Records shown:
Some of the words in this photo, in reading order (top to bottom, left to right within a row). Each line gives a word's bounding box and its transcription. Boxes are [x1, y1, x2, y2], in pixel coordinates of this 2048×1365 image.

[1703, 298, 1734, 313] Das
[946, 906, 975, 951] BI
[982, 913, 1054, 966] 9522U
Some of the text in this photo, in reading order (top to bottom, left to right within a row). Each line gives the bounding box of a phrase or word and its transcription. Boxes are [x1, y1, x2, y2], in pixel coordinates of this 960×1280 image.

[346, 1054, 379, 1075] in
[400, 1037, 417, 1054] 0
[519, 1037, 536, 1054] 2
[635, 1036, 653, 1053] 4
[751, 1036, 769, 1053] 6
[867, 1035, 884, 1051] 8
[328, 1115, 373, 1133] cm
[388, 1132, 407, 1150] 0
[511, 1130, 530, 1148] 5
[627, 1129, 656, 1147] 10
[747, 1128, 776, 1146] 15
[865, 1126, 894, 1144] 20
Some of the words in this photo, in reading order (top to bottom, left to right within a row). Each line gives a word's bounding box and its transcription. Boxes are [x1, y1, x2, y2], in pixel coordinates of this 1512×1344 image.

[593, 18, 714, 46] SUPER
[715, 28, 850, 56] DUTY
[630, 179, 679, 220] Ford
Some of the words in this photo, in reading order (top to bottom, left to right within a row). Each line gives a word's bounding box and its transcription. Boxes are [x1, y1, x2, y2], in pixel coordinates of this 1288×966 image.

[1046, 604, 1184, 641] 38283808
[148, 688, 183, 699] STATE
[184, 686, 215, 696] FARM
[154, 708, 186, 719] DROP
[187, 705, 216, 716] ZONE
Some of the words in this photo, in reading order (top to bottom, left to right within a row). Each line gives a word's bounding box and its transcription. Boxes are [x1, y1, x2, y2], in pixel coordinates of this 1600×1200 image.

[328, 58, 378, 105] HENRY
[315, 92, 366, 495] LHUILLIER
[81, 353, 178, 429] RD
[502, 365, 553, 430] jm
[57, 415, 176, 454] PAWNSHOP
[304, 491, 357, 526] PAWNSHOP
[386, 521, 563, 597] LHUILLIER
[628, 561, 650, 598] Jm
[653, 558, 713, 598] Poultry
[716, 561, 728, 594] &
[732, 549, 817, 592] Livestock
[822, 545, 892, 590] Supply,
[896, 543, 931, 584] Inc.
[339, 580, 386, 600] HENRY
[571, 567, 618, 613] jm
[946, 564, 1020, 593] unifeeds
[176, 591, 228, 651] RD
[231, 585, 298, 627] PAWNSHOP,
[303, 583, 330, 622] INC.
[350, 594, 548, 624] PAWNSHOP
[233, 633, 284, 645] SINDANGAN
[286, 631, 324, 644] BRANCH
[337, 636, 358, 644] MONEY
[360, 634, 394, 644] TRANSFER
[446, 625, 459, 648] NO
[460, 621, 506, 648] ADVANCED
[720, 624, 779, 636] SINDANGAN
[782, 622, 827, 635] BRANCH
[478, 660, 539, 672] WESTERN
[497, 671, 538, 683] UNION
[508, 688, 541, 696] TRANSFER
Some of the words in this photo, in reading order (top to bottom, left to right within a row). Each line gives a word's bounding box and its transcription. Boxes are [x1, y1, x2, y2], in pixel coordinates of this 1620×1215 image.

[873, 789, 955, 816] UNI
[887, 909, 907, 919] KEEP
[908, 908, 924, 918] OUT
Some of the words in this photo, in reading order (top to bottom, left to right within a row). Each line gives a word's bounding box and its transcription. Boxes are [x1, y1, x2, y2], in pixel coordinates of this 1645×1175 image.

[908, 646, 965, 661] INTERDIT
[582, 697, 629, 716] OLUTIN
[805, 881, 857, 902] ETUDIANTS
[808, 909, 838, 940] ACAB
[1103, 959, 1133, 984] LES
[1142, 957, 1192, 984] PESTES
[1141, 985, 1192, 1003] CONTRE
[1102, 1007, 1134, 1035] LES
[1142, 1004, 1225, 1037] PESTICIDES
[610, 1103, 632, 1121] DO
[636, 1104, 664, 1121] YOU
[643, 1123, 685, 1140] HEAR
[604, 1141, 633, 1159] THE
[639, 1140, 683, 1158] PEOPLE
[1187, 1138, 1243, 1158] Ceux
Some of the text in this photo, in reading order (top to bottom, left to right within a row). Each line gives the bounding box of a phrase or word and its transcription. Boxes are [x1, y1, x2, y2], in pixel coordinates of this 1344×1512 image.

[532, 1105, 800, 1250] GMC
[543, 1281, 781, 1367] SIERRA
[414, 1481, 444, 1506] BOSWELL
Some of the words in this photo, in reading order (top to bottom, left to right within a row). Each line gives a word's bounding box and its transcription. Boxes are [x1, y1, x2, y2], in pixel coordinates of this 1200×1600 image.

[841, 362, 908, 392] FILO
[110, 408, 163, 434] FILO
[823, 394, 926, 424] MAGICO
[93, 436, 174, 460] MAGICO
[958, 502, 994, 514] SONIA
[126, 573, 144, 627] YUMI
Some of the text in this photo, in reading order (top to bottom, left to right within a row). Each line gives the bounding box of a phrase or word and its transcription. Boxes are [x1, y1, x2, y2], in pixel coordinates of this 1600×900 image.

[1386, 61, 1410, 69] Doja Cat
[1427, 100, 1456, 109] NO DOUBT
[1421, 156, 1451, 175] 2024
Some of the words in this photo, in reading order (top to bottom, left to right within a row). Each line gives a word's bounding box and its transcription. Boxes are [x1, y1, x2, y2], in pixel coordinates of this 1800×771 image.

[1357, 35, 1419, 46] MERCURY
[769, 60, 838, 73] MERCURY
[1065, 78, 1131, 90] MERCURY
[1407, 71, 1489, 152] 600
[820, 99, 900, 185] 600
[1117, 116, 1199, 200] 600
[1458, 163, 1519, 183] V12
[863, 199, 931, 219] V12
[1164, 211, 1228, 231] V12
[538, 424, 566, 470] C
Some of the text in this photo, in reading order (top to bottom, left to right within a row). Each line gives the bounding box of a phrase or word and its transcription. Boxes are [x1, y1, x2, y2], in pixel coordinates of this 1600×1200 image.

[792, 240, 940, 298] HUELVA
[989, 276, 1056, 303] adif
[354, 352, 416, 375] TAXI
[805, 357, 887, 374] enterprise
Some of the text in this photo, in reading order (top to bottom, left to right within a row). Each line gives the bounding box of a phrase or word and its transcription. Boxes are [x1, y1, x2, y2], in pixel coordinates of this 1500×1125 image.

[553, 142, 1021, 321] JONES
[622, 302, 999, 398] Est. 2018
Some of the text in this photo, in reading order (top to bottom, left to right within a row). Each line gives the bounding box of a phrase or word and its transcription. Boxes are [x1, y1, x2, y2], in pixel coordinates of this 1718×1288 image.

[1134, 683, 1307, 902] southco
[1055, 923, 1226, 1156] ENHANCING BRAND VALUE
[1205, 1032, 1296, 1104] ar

What you have to do:
Repeat the records above exactly, leaving none out.

Task solution:
Some of the words in this photo, in reading order (top to bottom, left to right within a row). Each line gives a word's bounding box and its transcription. Boxes are [x1, y1, x2, y2], in pixel coordinates of this 2048×1365 image.

[1703, 298, 1734, 313] Das
[946, 906, 975, 951] BI
[982, 913, 1054, 966] 9522U
Some of the text in this photo, in reading order (top to bottom, left to right within a row). Each line gives the bounding box of a phrase or word and its transcription. Boxes are [x1, y1, x2, y2], in pixel coordinates of this 960×1280 image.

[346, 1054, 379, 1075] in
[400, 1037, 417, 1054] 0
[519, 1037, 536, 1054] 2
[635, 1036, 653, 1053] 4
[751, 1036, 769, 1053] 6
[867, 1035, 884, 1051] 8
[328, 1115, 373, 1133] cm
[388, 1132, 407, 1150] 0
[511, 1130, 530, 1148] 5
[627, 1129, 656, 1147] 10
[747, 1128, 776, 1146] 15
[865, 1126, 894, 1144] 20
Some of the words in this photo, in reading order (top to bottom, left to right within a row). Each line gives a word's bounding box and its transcription. Boxes are [x1, y1, x2, y2], in pixel coordinates of this 1512×1344 image.

[593, 18, 714, 46] SUPER
[715, 28, 850, 56] DUTY
[630, 179, 679, 220] Ford
Some of the words in this photo, in reading order (top to bottom, left to right within a row). Each line gives a word's bounding box and its transcription. Boxes are [x1, y1, x2, y2], in pixel coordinates of this 1288×966 image.

[1046, 604, 1184, 641] 38283808
[148, 688, 183, 699] STATE
[184, 686, 215, 696] FARM
[154, 708, 186, 719] DROP
[187, 705, 216, 716] ZONE
Some of the words in this photo, in reading order (top to bottom, left to right within a row). Each line gives a word's bounding box and its transcription. Boxes are [x1, y1, x2, y2], in pixel coordinates of this 1600×1200 image.

[328, 58, 378, 105] HENRY
[315, 92, 366, 495] LHUILLIER
[81, 353, 178, 429] RD
[502, 365, 553, 430] jm
[57, 415, 176, 454] PAWNSHOP
[304, 491, 357, 526] PAWNSHOP
[386, 521, 563, 597] LHUILLIER
[628, 561, 650, 598] Jm
[653, 558, 713, 598] Poultry
[716, 561, 728, 594] &
[732, 549, 817, 592] Livestock
[822, 545, 892, 590] Supply,
[896, 543, 931, 584] Inc.
[339, 580, 386, 600] HENRY
[571, 567, 618, 613] jm
[946, 564, 1020, 593] unifeeds
[176, 591, 228, 651] RD
[231, 585, 298, 627] PAWNSHOP,
[303, 583, 330, 622] INC.
[350, 594, 548, 624] PAWNSHOP
[233, 633, 284, 645] SINDANGAN
[286, 631, 324, 644] BRANCH
[337, 636, 358, 644] MONEY
[360, 634, 394, 644] TRANSFER
[446, 625, 459, 648] NO
[460, 621, 506, 648] ADVANCED
[720, 624, 779, 636] SINDANGAN
[782, 622, 827, 635] BRANCH
[478, 660, 539, 672] WESTERN
[497, 671, 538, 683] UNION
[508, 688, 541, 696] TRANSFER
Some of the words in this photo, in reading order (top to bottom, left to right within a row). Each line gives a word's bounding box and its transcription. Boxes are [x1, y1, x2, y2], in pixel coordinates of this 1620×1215 image.

[873, 789, 955, 816] UNI
[887, 909, 907, 919] KEEP
[908, 908, 924, 918] OUT
Some of the words in this photo, in reading order (top to bottom, left to right within a row). Each line gives a word's bounding box and its transcription. Boxes are [x1, y1, x2, y2], in pixel coordinates of this 1645×1175 image.

[908, 646, 965, 661] INTERDIT
[582, 697, 629, 716] OLUTIN
[805, 881, 857, 902] ETUDIANTS
[808, 909, 838, 940] ACAB
[1103, 959, 1133, 984] LES
[1142, 957, 1192, 984] PESTES
[1141, 985, 1192, 1003] CONTRE
[1102, 1007, 1134, 1035] LES
[1142, 1004, 1225, 1037] PESTICIDES
[610, 1103, 632, 1121] DO
[636, 1104, 664, 1121] YOU
[643, 1123, 685, 1140] HEAR
[604, 1141, 633, 1159] THE
[639, 1140, 683, 1158] PEOPLE
[1187, 1138, 1243, 1158] Ceux
Some of the text in this photo, in reading order (top to bottom, left to right within a row). Each line gives the bounding box of a phrase or word and its transcription. Boxes are [x1, y1, x2, y2], in pixel coordinates of this 1344×1512 image.

[532, 1105, 800, 1250] GMC
[543, 1281, 781, 1367] SIERRA
[414, 1481, 444, 1506] BOSWELL
Some of the words in this photo, in reading order (top to bottom, left to right within a row). Each line gives a word's bounding box and its transcription. Boxes are [x1, y1, x2, y2], in pixel coordinates of this 1200×1600 image.

[841, 362, 908, 392] FILO
[110, 408, 163, 434] FILO
[823, 394, 926, 424] MAGICO
[93, 436, 174, 460] MAGICO
[958, 502, 994, 514] SONIA
[126, 573, 144, 627] YUMI
Some of the text in this photo, in reading order (top to bottom, left to right within a row). Each line gives the bounding box of a phrase or word and its transcription. Boxes are [x1, y1, x2, y2], in pixel coordinates of this 1600×900 image.

[1386, 61, 1410, 69] Doja Cat
[1427, 100, 1456, 109] NO DOUBT
[1421, 156, 1451, 175] 2024
Some of the words in this photo, in reading order (top to bottom, left to right within a row). Each line gives a word's bounding box and its transcription. Boxes are [x1, y1, x2, y2], in pixel coordinates of this 1800×771 image.

[1357, 35, 1419, 46] MERCURY
[769, 60, 838, 73] MERCURY
[1065, 78, 1131, 90] MERCURY
[1407, 71, 1489, 152] 600
[820, 99, 900, 185] 600
[1117, 116, 1199, 200] 600
[1458, 163, 1519, 183] V12
[863, 199, 931, 219] V12
[1164, 211, 1228, 231] V12
[538, 424, 566, 470] C
Some of the text in this photo, in reading order (top to bottom, left to right within a row). Each line gives the bounding box of a phrase or word and its transcription. Boxes are [x1, y1, x2, y2], in pixel coordinates of this 1600×1200 image.

[792, 240, 940, 298] HUELVA
[989, 276, 1056, 303] adif
[354, 352, 416, 375] TAXI
[805, 357, 887, 374] enterprise
Some of the text in this photo, in reading order (top to bottom, left to right within a row). Each line gives the bounding box of a phrase or word and its transcription. Boxes are [x1, y1, x2, y2], in pixel coordinates of this 1500×1125 image.

[553, 142, 1021, 321] JONES
[622, 302, 999, 398] Est. 2018
Some of the text in this photo, in reading order (top to bottom, left to right within a row). Each line gives the bounding box of a phrase or word and its transcription. Boxes are [x1, y1, x2, y2], in pixel coordinates of this 1718×1288 image.

[1134, 683, 1307, 902] southco
[1055, 923, 1226, 1156] ENHANCING BRAND VALUE
[1205, 1032, 1296, 1104] ar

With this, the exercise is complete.